- **Task**: The answer is an exact repeat of the entries below, with the pictures omitted.

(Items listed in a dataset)
•••

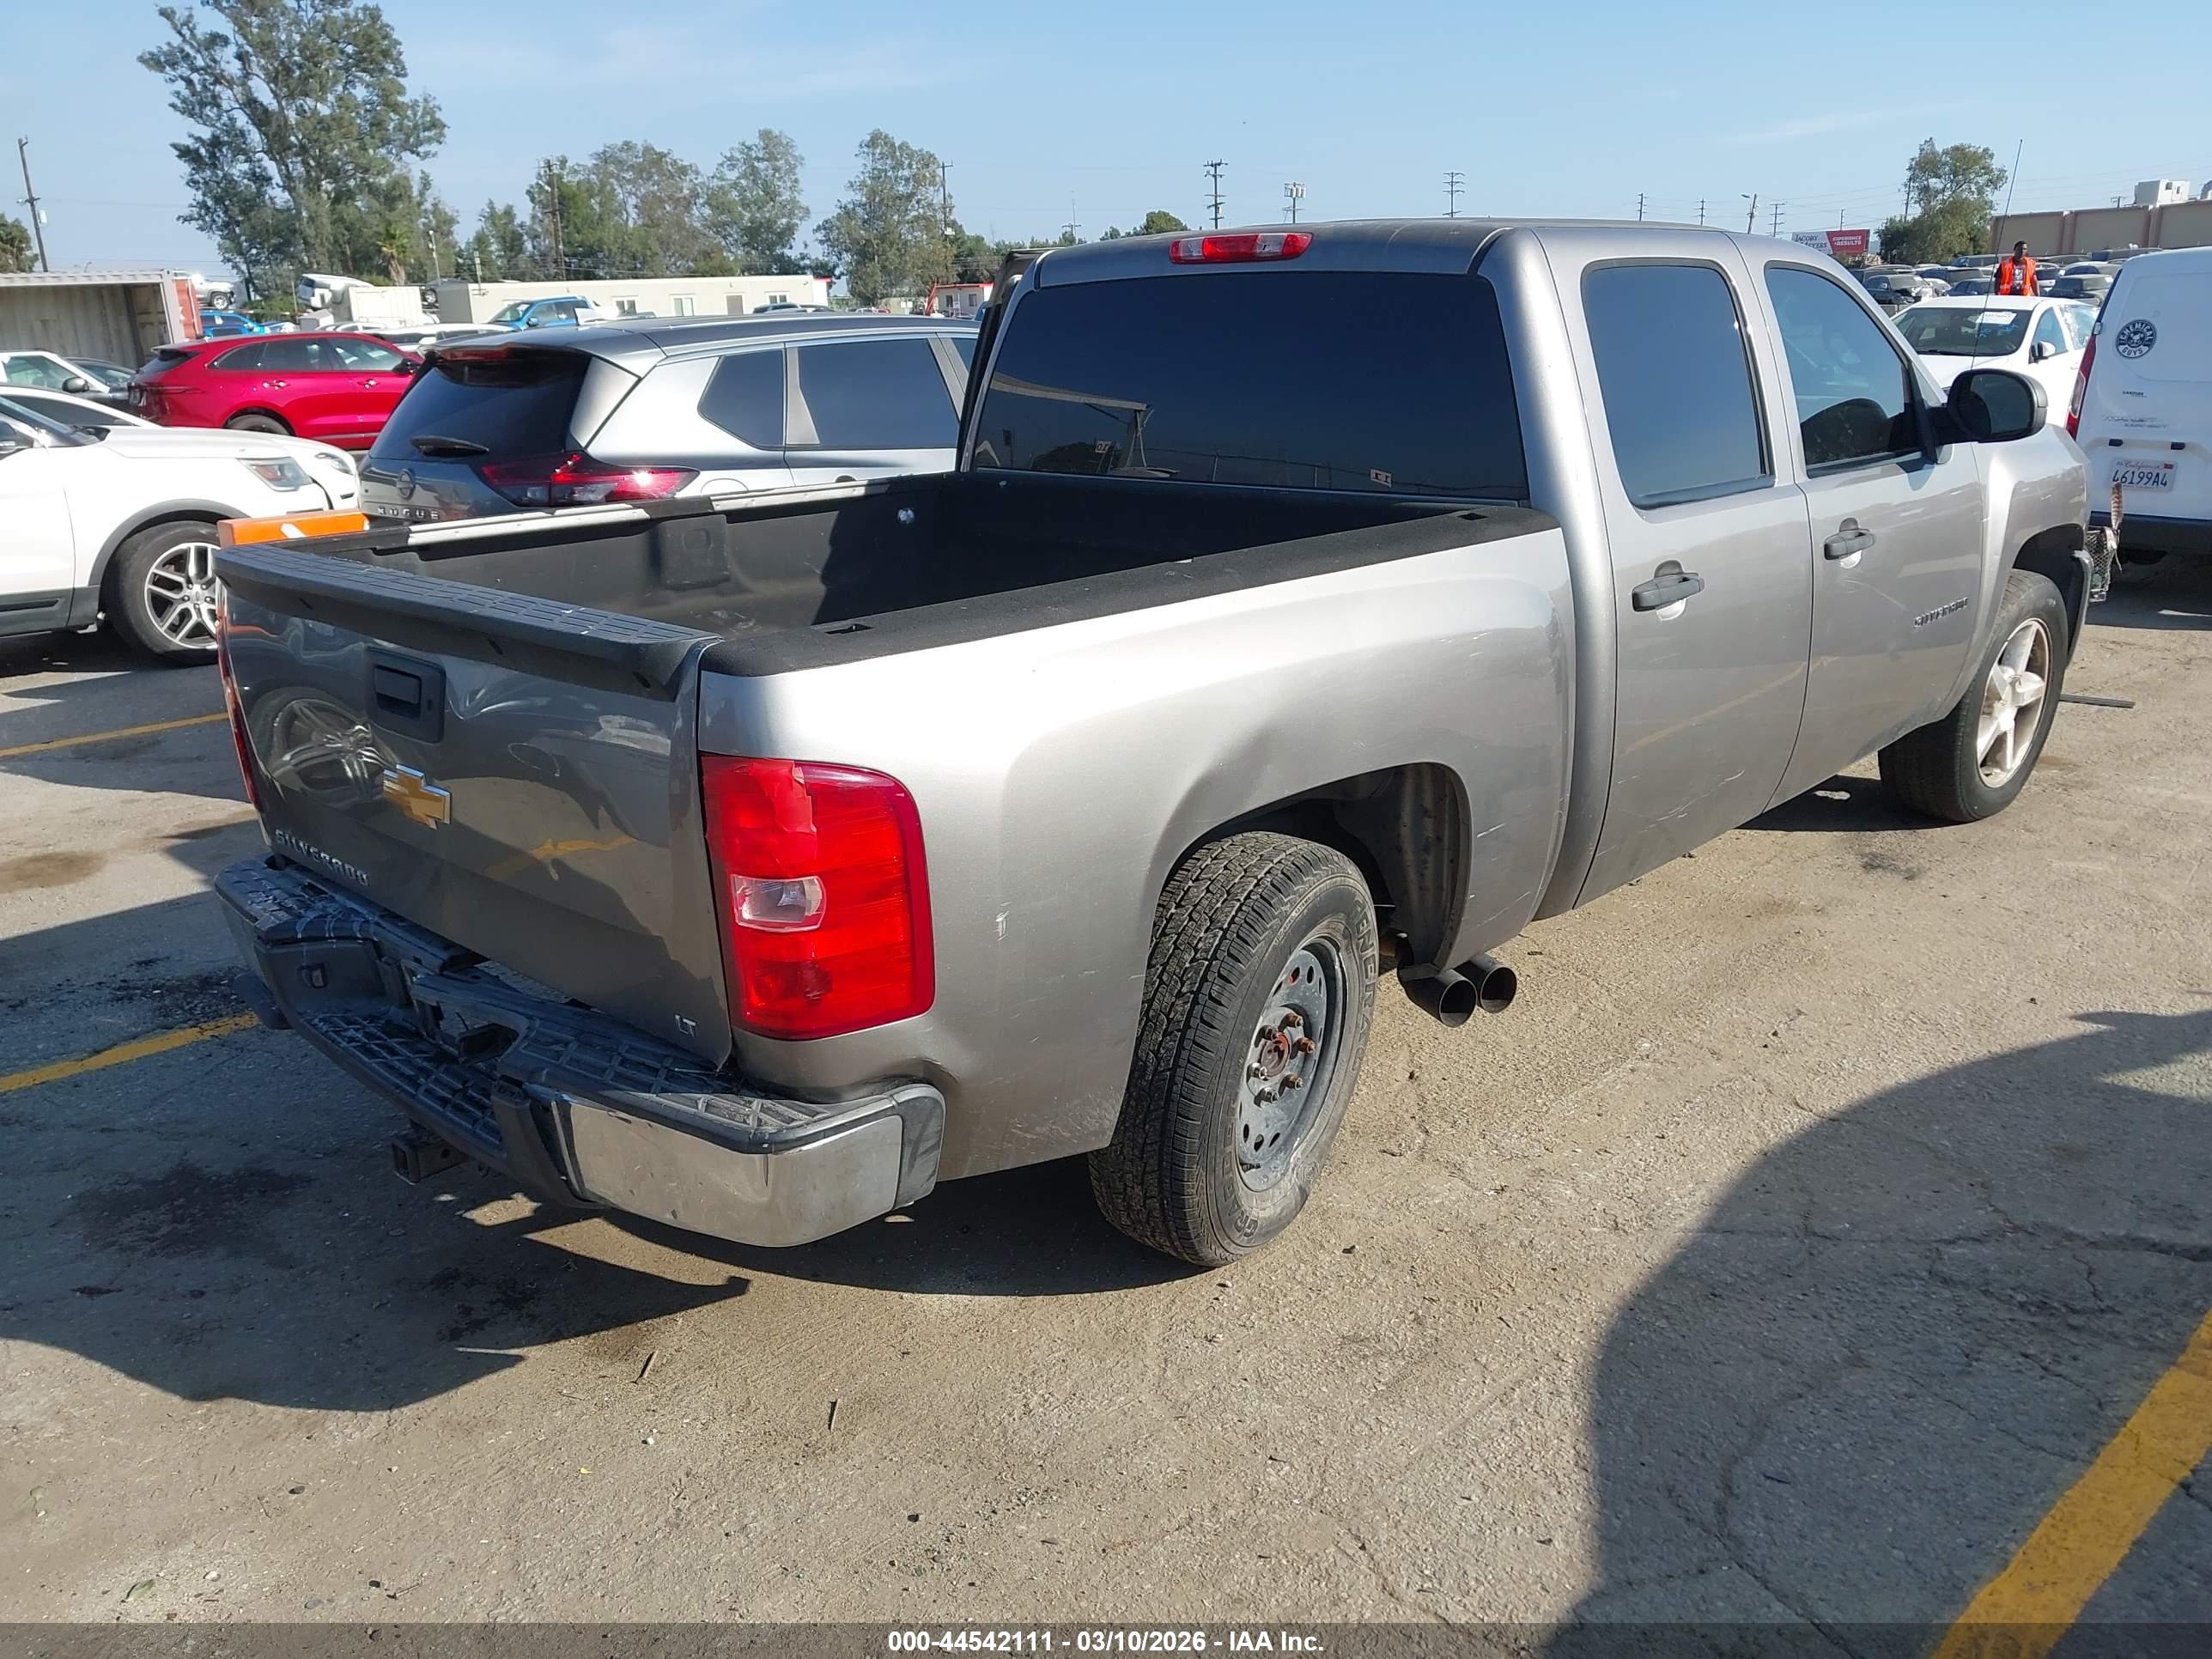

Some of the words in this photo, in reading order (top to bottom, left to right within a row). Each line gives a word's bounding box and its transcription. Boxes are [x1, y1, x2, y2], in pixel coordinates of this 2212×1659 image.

[2119, 322, 2154, 341] CHEMICAL
[2122, 345, 2143, 356] GUYS
[2112, 469, 2167, 487] 46199A4
[378, 507, 440, 520] ROGUE
[275, 829, 370, 886] SILVERADO
[674, 1013, 697, 1037] LT
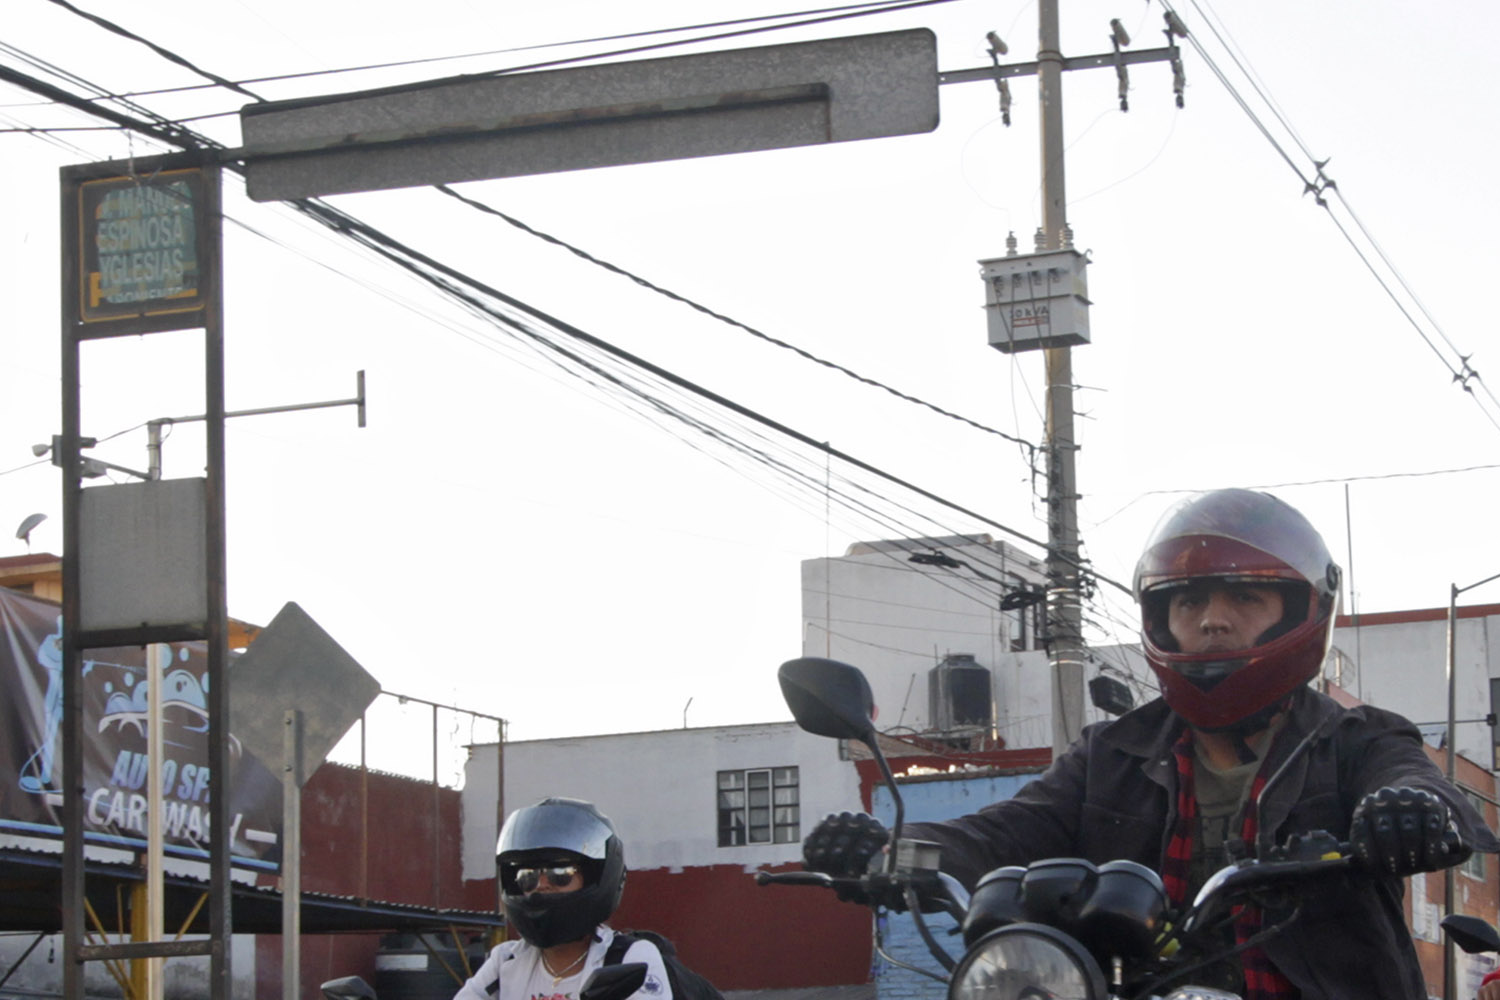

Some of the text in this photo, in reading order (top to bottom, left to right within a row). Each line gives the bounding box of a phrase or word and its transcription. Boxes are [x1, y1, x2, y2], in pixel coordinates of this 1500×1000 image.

[98, 216, 184, 253] ESPINOSA
[99, 248, 184, 287] YGLESIAS
[111, 750, 210, 803] AUO SP
[88, 788, 147, 832] CAR
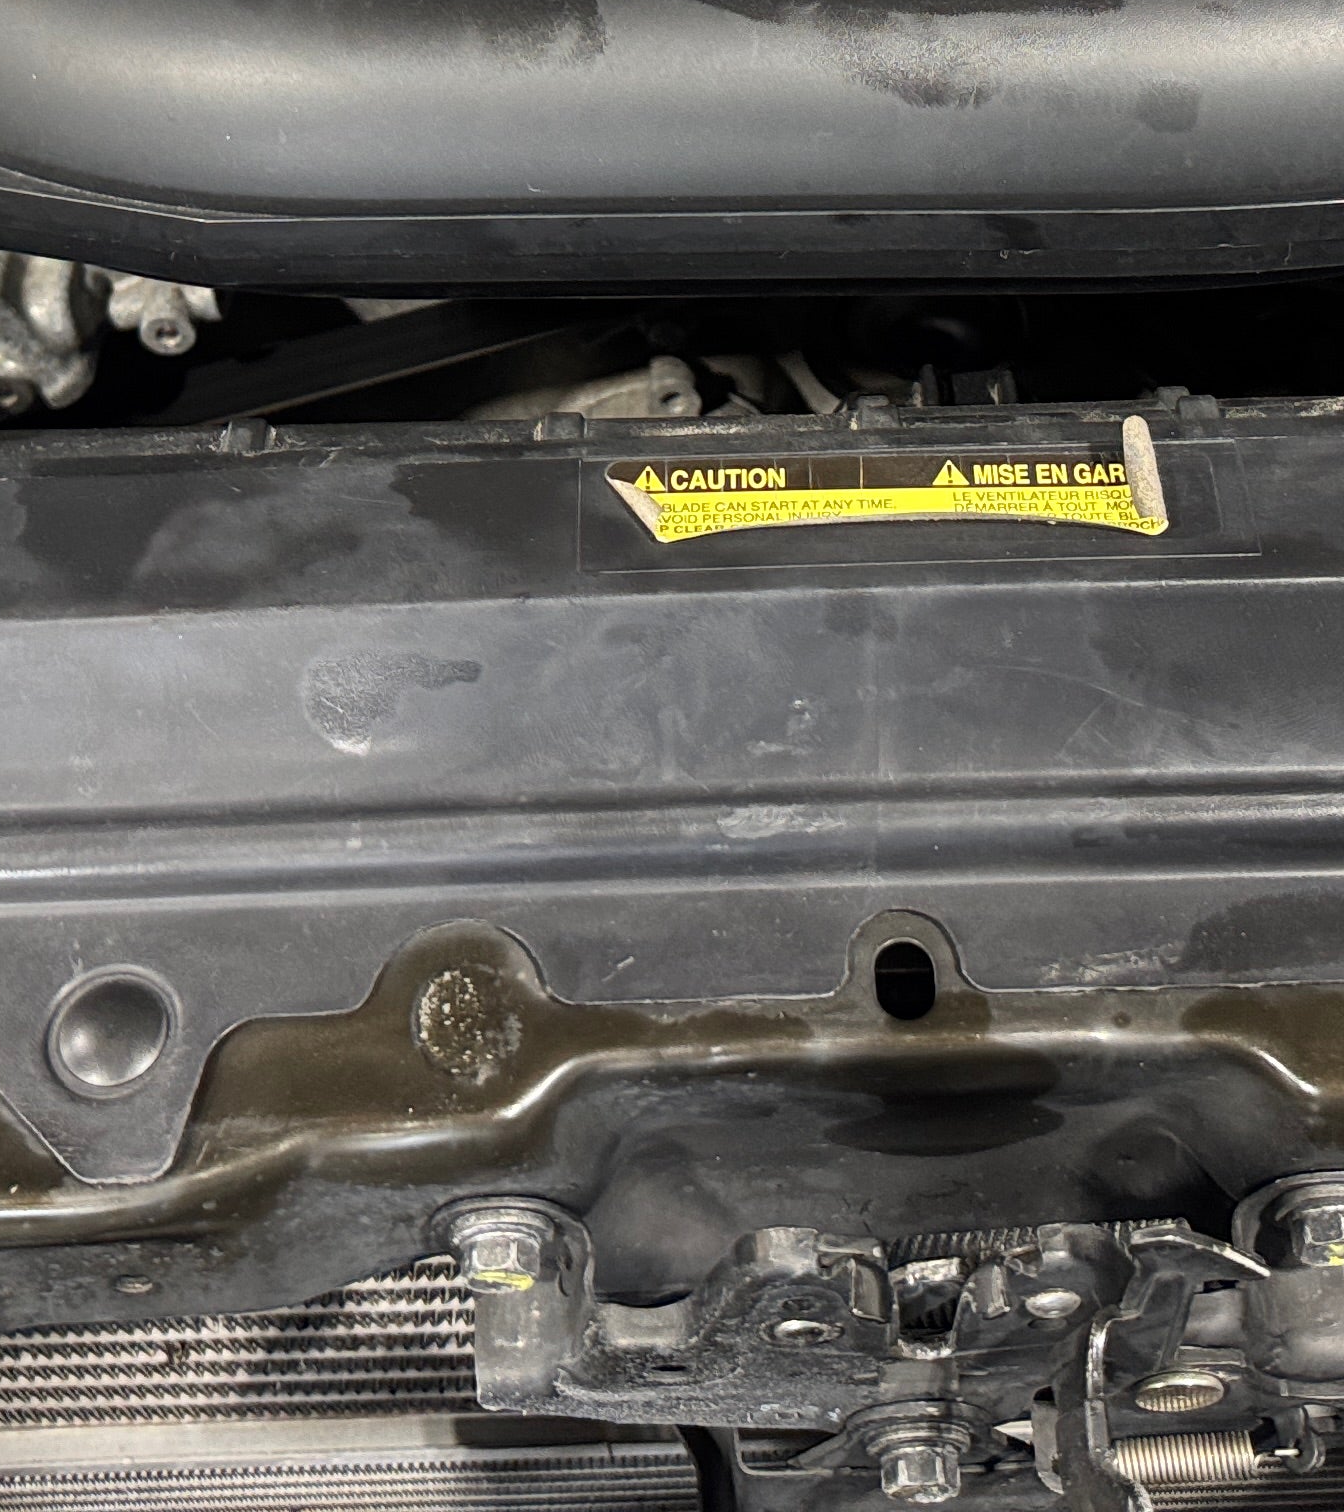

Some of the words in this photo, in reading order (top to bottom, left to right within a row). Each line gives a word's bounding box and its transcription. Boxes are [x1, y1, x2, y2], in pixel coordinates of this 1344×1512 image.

[670, 467, 787, 491] CAUTION
[973, 464, 1030, 485] MISE
[1035, 463, 1068, 484] EN
[1073, 463, 1125, 484] GAR
[953, 491, 971, 501] LE
[976, 490, 1080, 501] VENTILATEUR
[1085, 489, 1132, 500] RISQU
[661, 502, 711, 514] BLADE
[715, 501, 747, 513] CAN
[751, 500, 798, 512] START
[801, 500, 819, 511] AT
[823, 499, 853, 510] ANY
[1056, 501, 1096, 512] TOUT
[702, 512, 783, 524] PERSONAL

•••

- **Result for this task**:
Some of the words in this photo, in reading order (top to bottom, left to right within a row). Each line gives a word's bounding box and its transcription. Boxes are [x1, y1, x2, y2], in pixel coordinates of this 2212×1659 image.

[2119, 322, 2154, 341] CHEMICAL
[2122, 345, 2143, 356] GUYS
[2112, 469, 2167, 487] 46199A4
[378, 507, 440, 520] ROGUE
[275, 829, 370, 886] SILVERADO
[674, 1013, 697, 1037] LT

Some of the text in this photo, in reading order (top to bottom, left to right within a row). Each line gives the bounding box of a phrase or word and its transcription. Boxes are [x1, y1, x2, y2], in pixel coordinates of this 1500×1000 image.

[98, 216, 184, 253] ESPINOSA
[99, 248, 184, 287] YGLESIAS
[111, 750, 210, 803] AUO SP
[88, 788, 147, 832] CAR

Some of the words in this photo, in reading order (top to bottom, left to right within a row). Each line gives a word's bounding box and its transcription. Boxes are [x1, y1, x2, y2], in pixel coordinates of this 1344×1512 image.

[670, 467, 787, 491] CAUTION
[973, 464, 1030, 485] MISE
[1035, 463, 1068, 484] EN
[1073, 463, 1125, 484] GAR
[953, 491, 971, 501] LE
[976, 490, 1080, 501] VENTILATEUR
[1085, 489, 1132, 500] RISQU
[661, 502, 711, 514] BLADE
[715, 501, 747, 513] CAN
[751, 500, 798, 512] START
[801, 500, 819, 511] AT
[823, 499, 853, 510] ANY
[1056, 501, 1096, 512] TOUT
[702, 512, 783, 524] PERSONAL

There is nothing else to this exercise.